Work to be completed – A picture-free, exact transcript of the entries below is required.

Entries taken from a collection
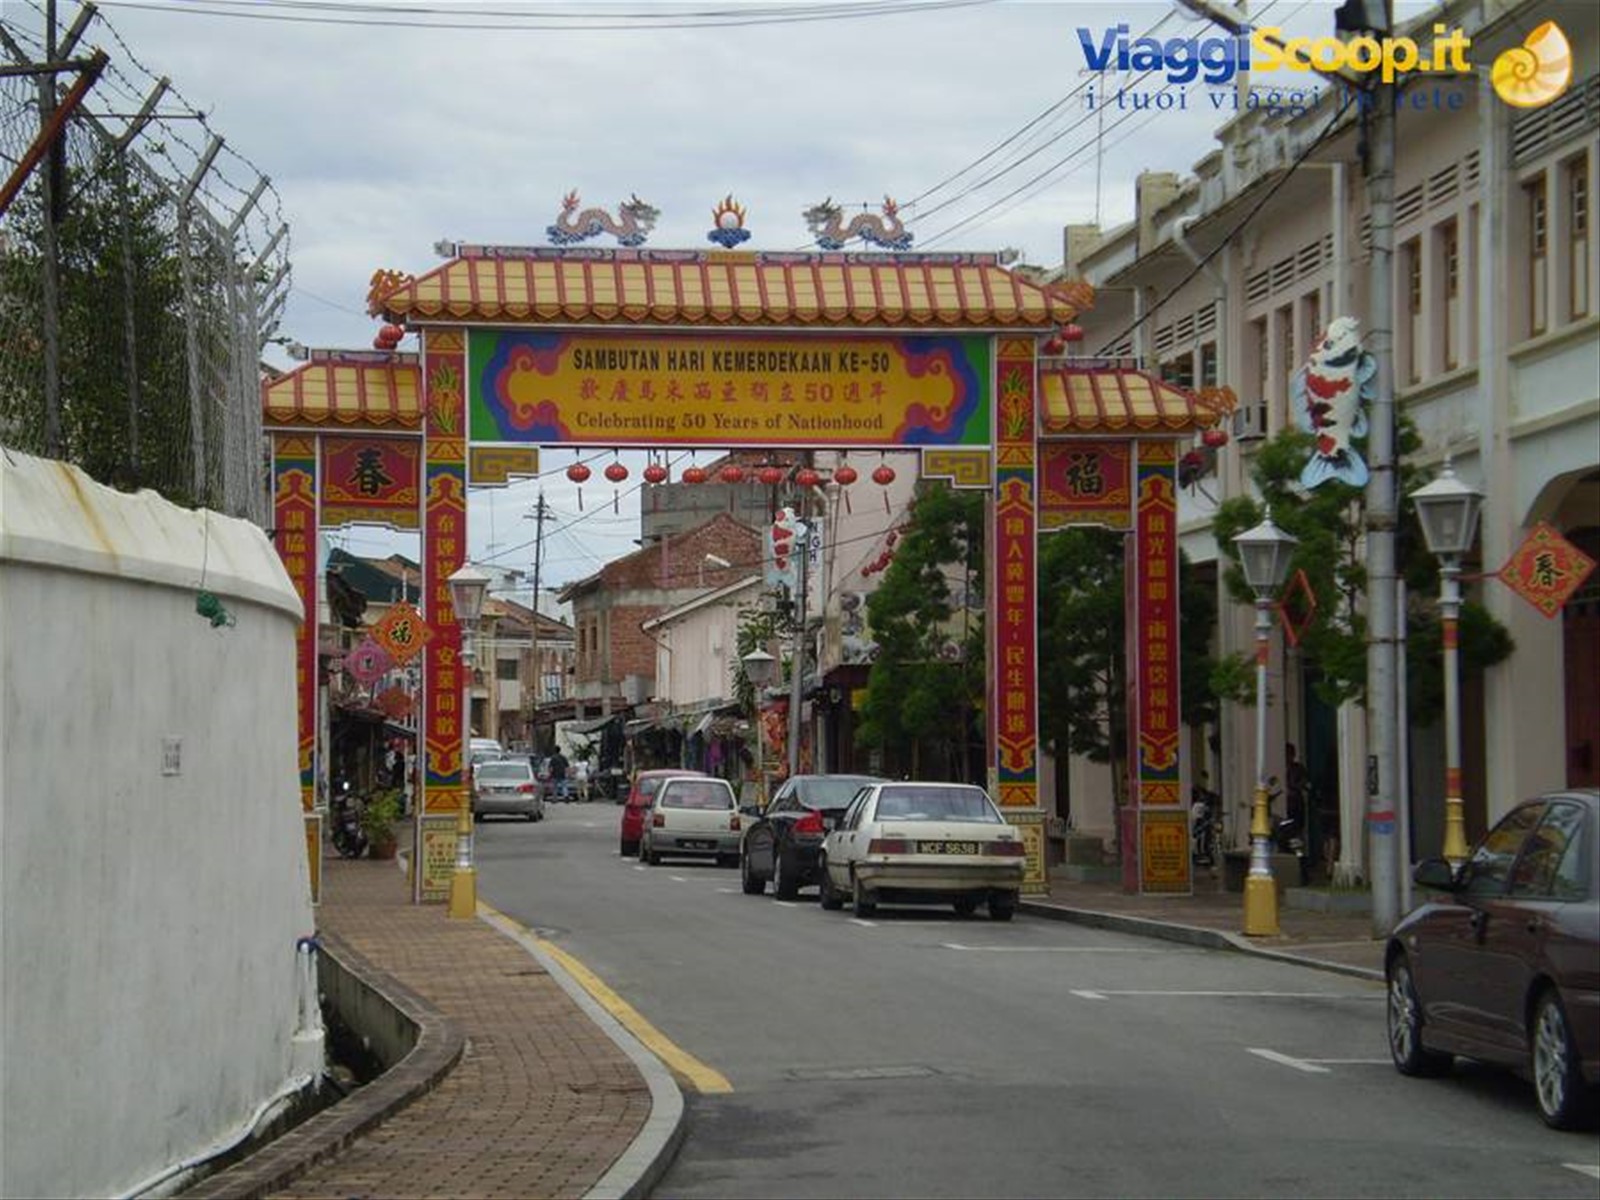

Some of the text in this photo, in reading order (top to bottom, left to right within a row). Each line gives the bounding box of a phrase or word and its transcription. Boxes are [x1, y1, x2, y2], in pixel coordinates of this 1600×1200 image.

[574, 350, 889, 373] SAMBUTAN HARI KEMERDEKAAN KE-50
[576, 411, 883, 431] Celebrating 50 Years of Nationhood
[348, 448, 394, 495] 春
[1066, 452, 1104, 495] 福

Your solution –
Some of the text in this photo, in reading order (top to bottom, left to right within a row). Each line gives the bounding box of a phrase or word and its transcription. Boxes are [x1, y1, x2, y2], in pixel coordinates of this 1600×1200 image.

[574, 350, 889, 373] SAMBUTAN HARI KEMERDEKAAN KE-50
[576, 411, 883, 431] Celebrating 50 Years of Nationhood
[348, 448, 394, 495] 春
[1066, 452, 1104, 495] 福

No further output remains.